Produce a verbatim transcription of the entries, with all pictures omitted.

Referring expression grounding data
※

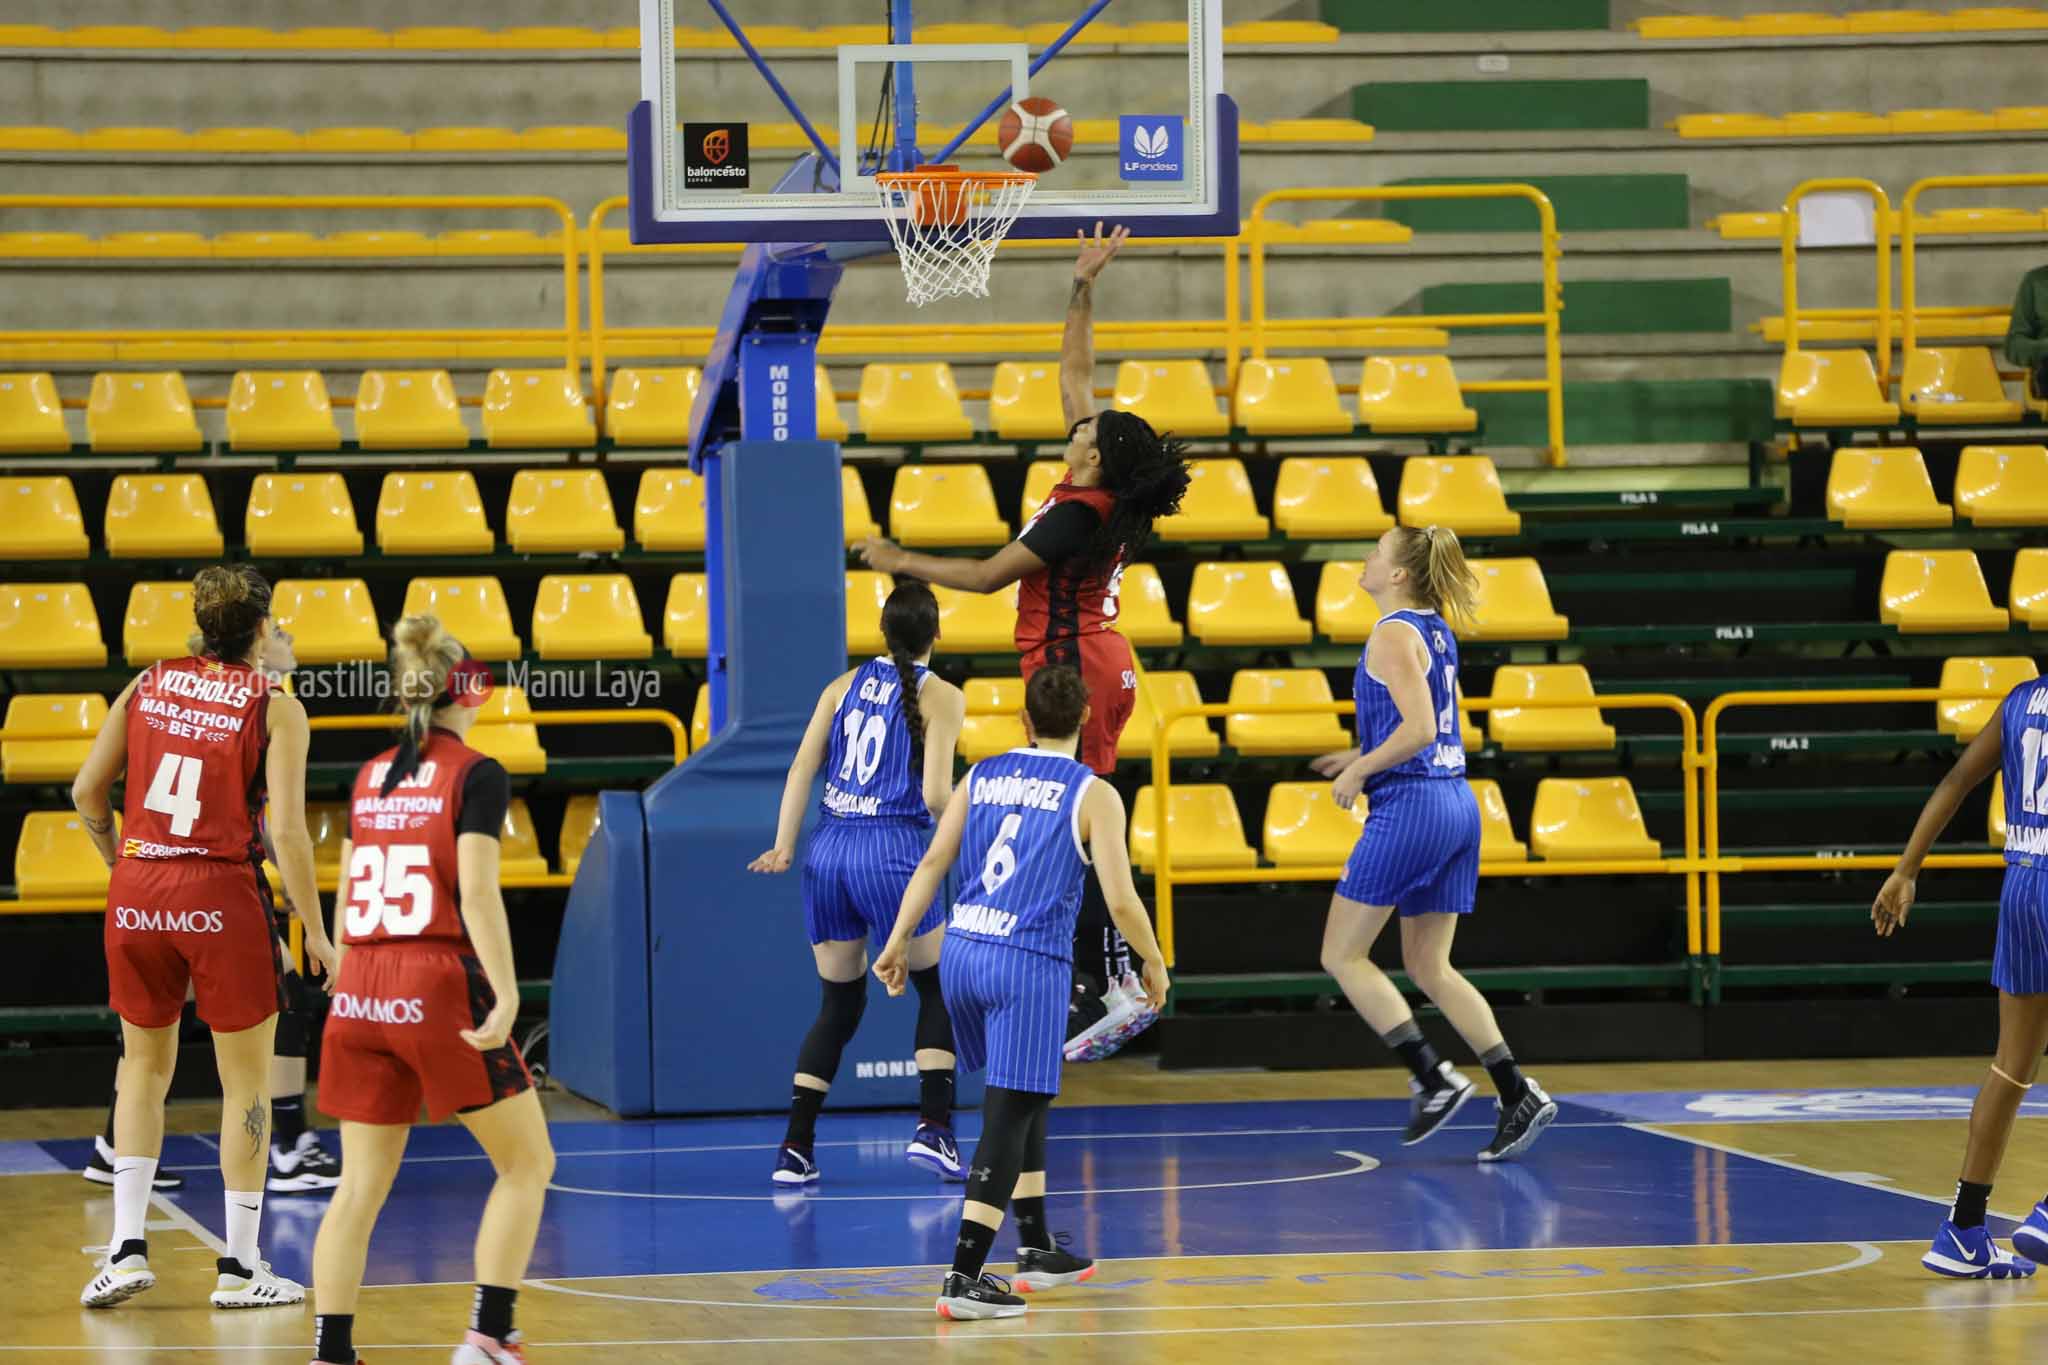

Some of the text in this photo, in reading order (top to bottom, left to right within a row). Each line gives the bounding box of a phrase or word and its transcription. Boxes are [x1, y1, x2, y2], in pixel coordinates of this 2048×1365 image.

[687, 165, 746, 177] baloncesto
[769, 365, 789, 441] MONDO
[1620, 492, 1647, 504] FILA
[1681, 522, 1719, 535] FILA 4
[1715, 626, 1744, 639] FILA
[159, 669, 251, 709] NICHOLLS
[139, 698, 244, 732] MARATHON
[168, 720, 206, 741] BET
[838, 708, 887, 787] 10
[1770, 737, 1798, 750] FILA
[143, 751, 204, 838] 4
[972, 768, 1067, 813] DOMÍNGUEZ
[374, 813, 409, 831] BET
[142, 842, 209, 857] GOBIERNO
[981, 812, 1023, 897] 6
[344, 844, 434, 938] 35
[115, 906, 224, 933] SOMMOS
[855, 1060, 919, 1079] MOND
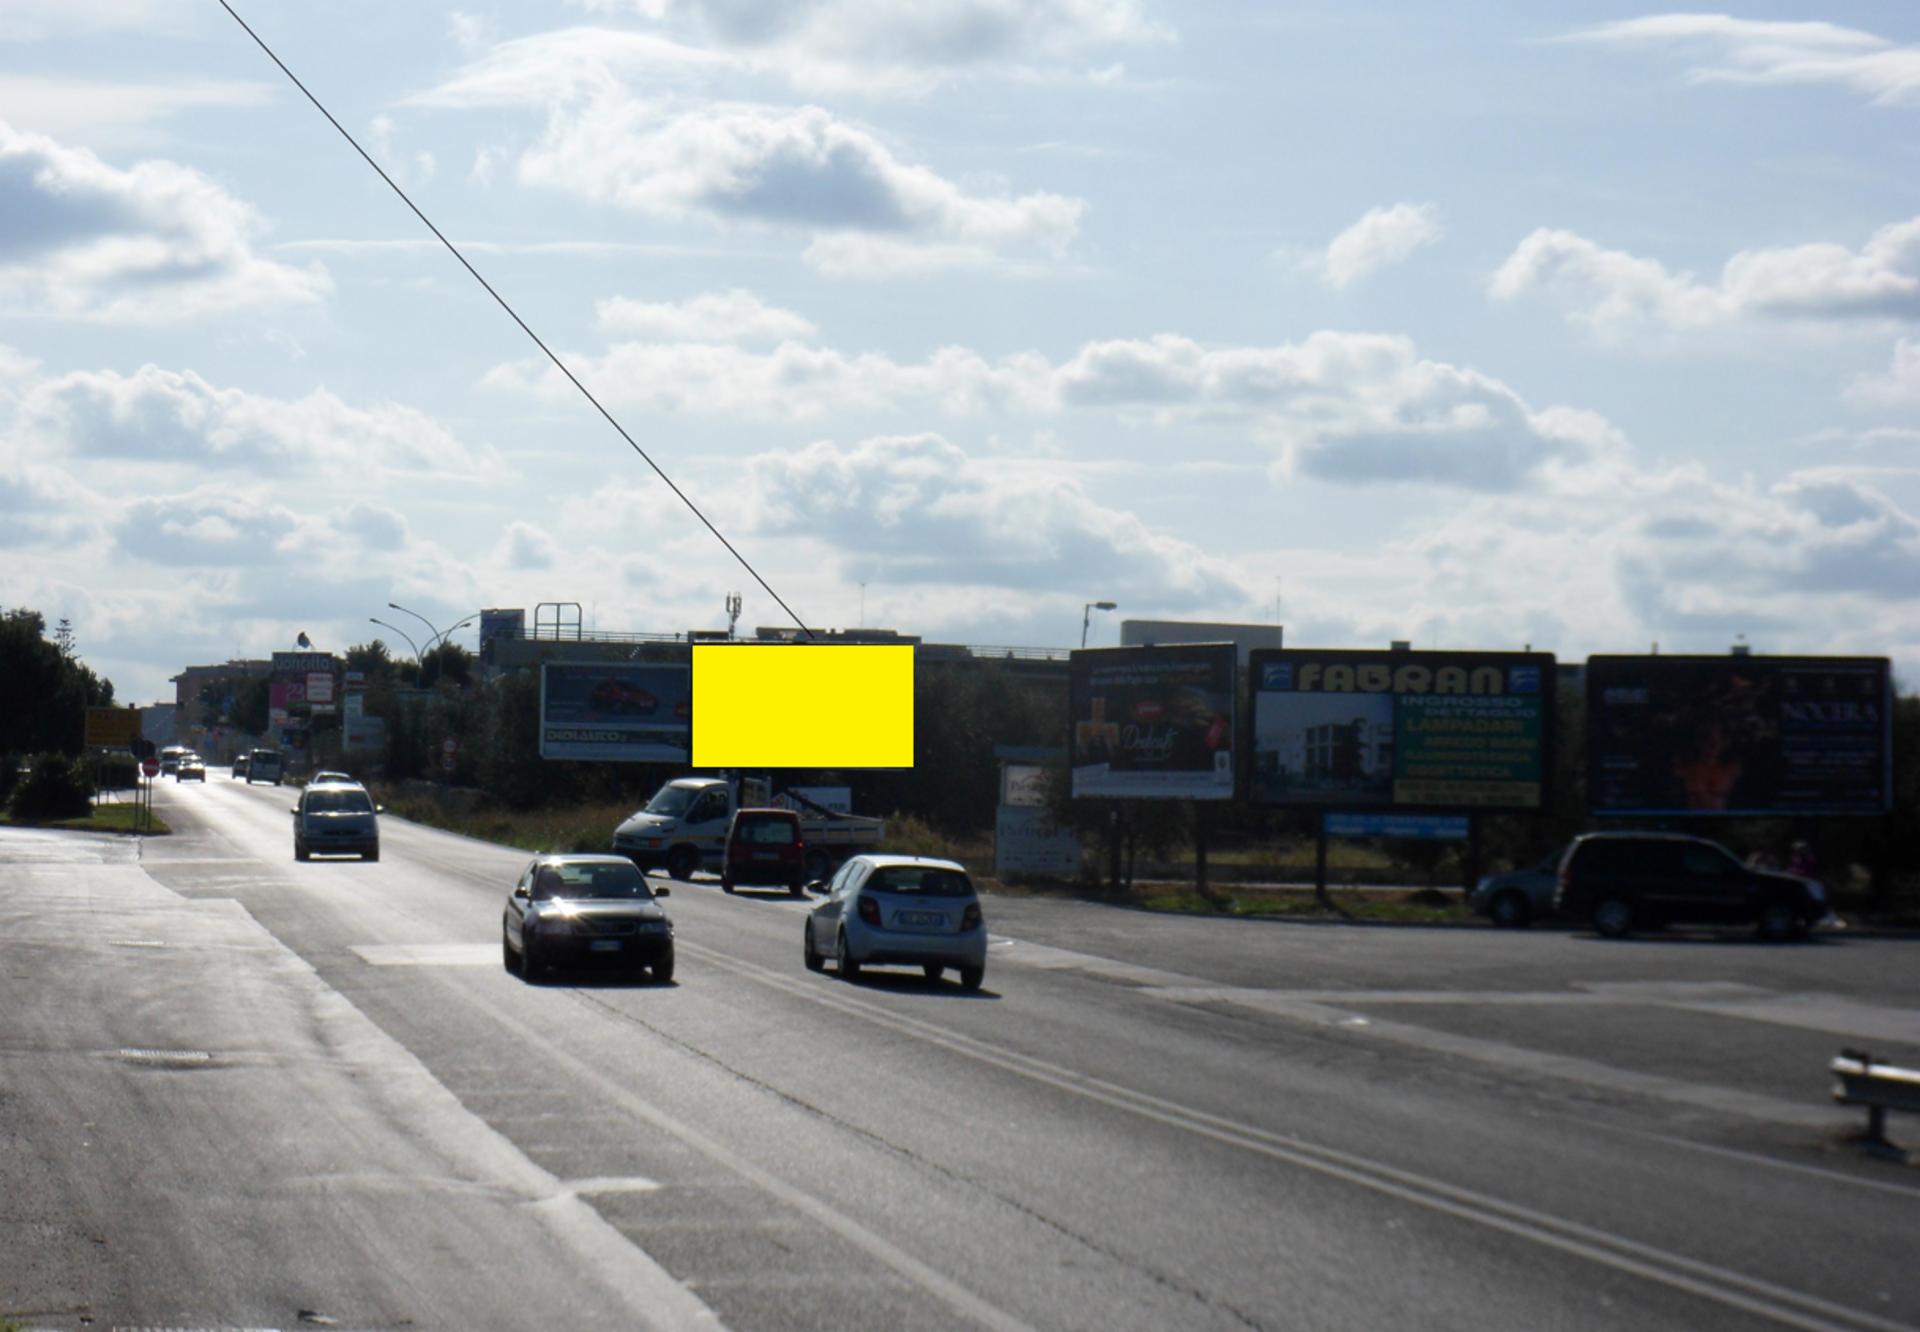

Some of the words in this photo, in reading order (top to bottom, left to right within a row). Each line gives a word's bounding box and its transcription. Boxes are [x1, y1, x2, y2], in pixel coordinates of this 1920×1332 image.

[1297, 663, 1503, 695] FABRAN
[1401, 695, 1523, 707] INGROSSO
[1424, 707, 1537, 718] DETTAGLIO
[1406, 718, 1525, 732] LAMPADARI
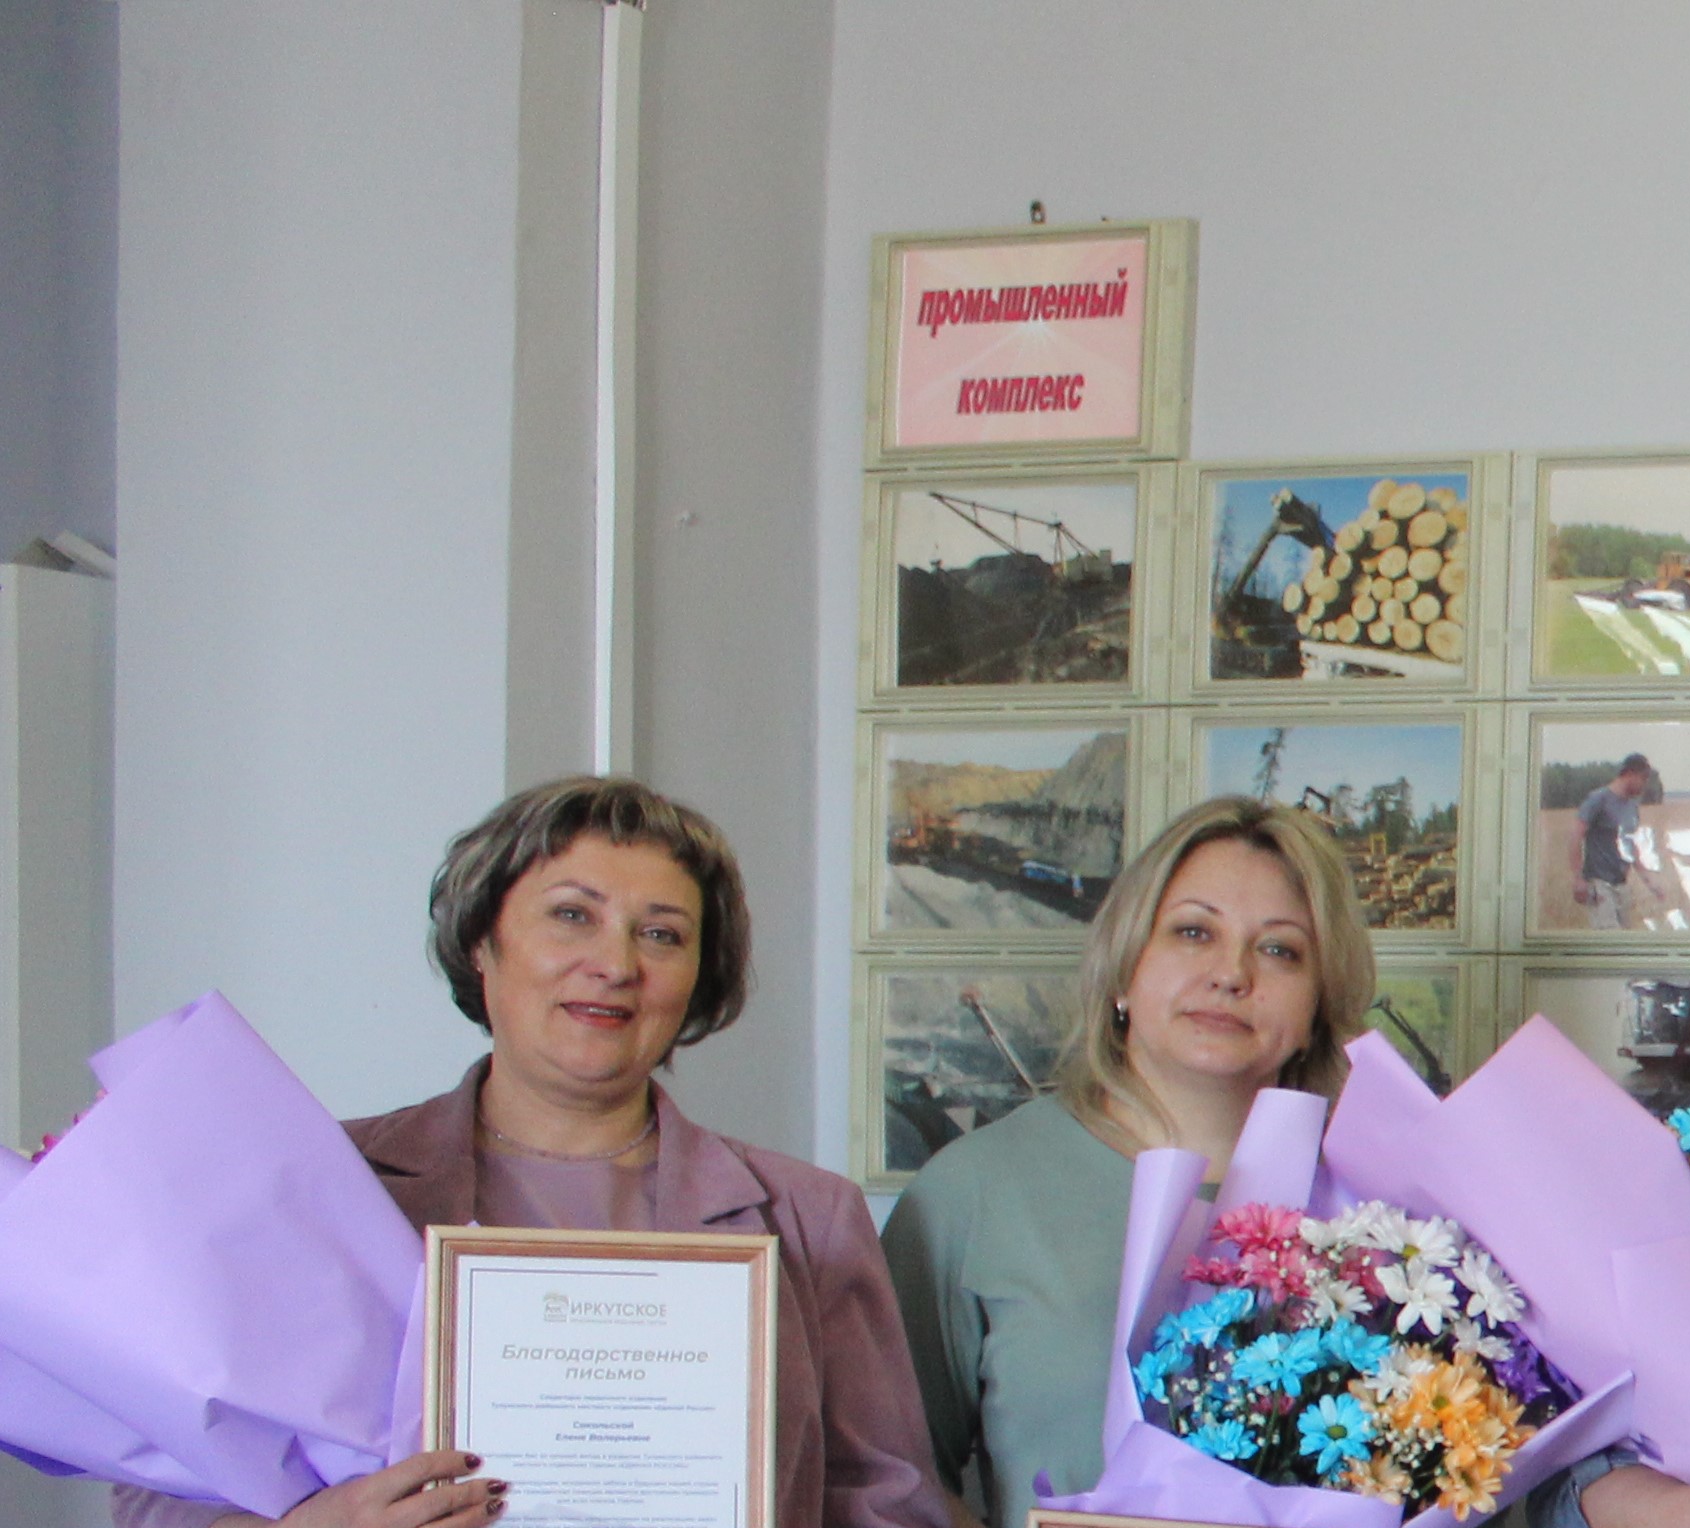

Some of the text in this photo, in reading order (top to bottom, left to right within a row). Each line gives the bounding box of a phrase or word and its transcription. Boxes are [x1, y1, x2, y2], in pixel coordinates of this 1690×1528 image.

[917, 268, 1129, 338] промышленный
[956, 371, 1086, 415] комплекс
[570, 1301, 668, 1318] ИРКУТСКОЕ
[501, 1343, 710, 1365] Благодарственное
[565, 1366, 647, 1382] письмо

※

* [ANSWER TO THIS EXERCISE]:
Some of the text in this photo, in reading order (top to bottom, left to right within a row). Each line gives the bounding box of a phrase or word and its transcription. Boxes are [x1, y1, x2, y2], in pixel coordinates of this 2048×1365 image.

[687, 165, 746, 177] baloncesto
[769, 365, 789, 441] MONDO
[1620, 492, 1647, 504] FILA
[1681, 522, 1719, 535] FILA 4
[1715, 626, 1744, 639] FILA
[159, 669, 251, 709] NICHOLLS
[139, 698, 244, 732] MARATHON
[168, 720, 206, 741] BET
[838, 708, 887, 787] 10
[1770, 737, 1798, 750] FILA
[143, 751, 204, 838] 4
[972, 768, 1067, 813] DOMÍNGUEZ
[374, 813, 409, 831] BET
[142, 842, 209, 857] GOBIERNO
[981, 812, 1023, 897] 6
[344, 844, 434, 938] 35
[115, 906, 224, 933] SOMMOS
[855, 1060, 919, 1079] MOND

Some of the words in this photo, in reading order (top to bottom, left to right within a row). Each line gives a word's bounding box and its transcription. Boxes are [x1, y1, x2, y2], in pixel coordinates of this 1920×1332 image.

[1297, 663, 1503, 695] FABRAN
[1401, 695, 1523, 707] INGROSSO
[1424, 707, 1537, 718] DETTAGLIO
[1406, 718, 1525, 732] LAMPADARI

Some of the text in this photo, in reading order (top to bottom, left to right within a row). Each line gives the bounding box of a phrase or word and its transcription. Boxes are [x1, y1, x2, y2], in pixel coordinates of this 1690×1528 image.

[917, 268, 1129, 338] промышленный
[956, 371, 1086, 415] комплекс
[570, 1301, 668, 1318] ИРКУТСКОЕ
[501, 1343, 710, 1365] Благодарственное
[565, 1366, 647, 1382] письмо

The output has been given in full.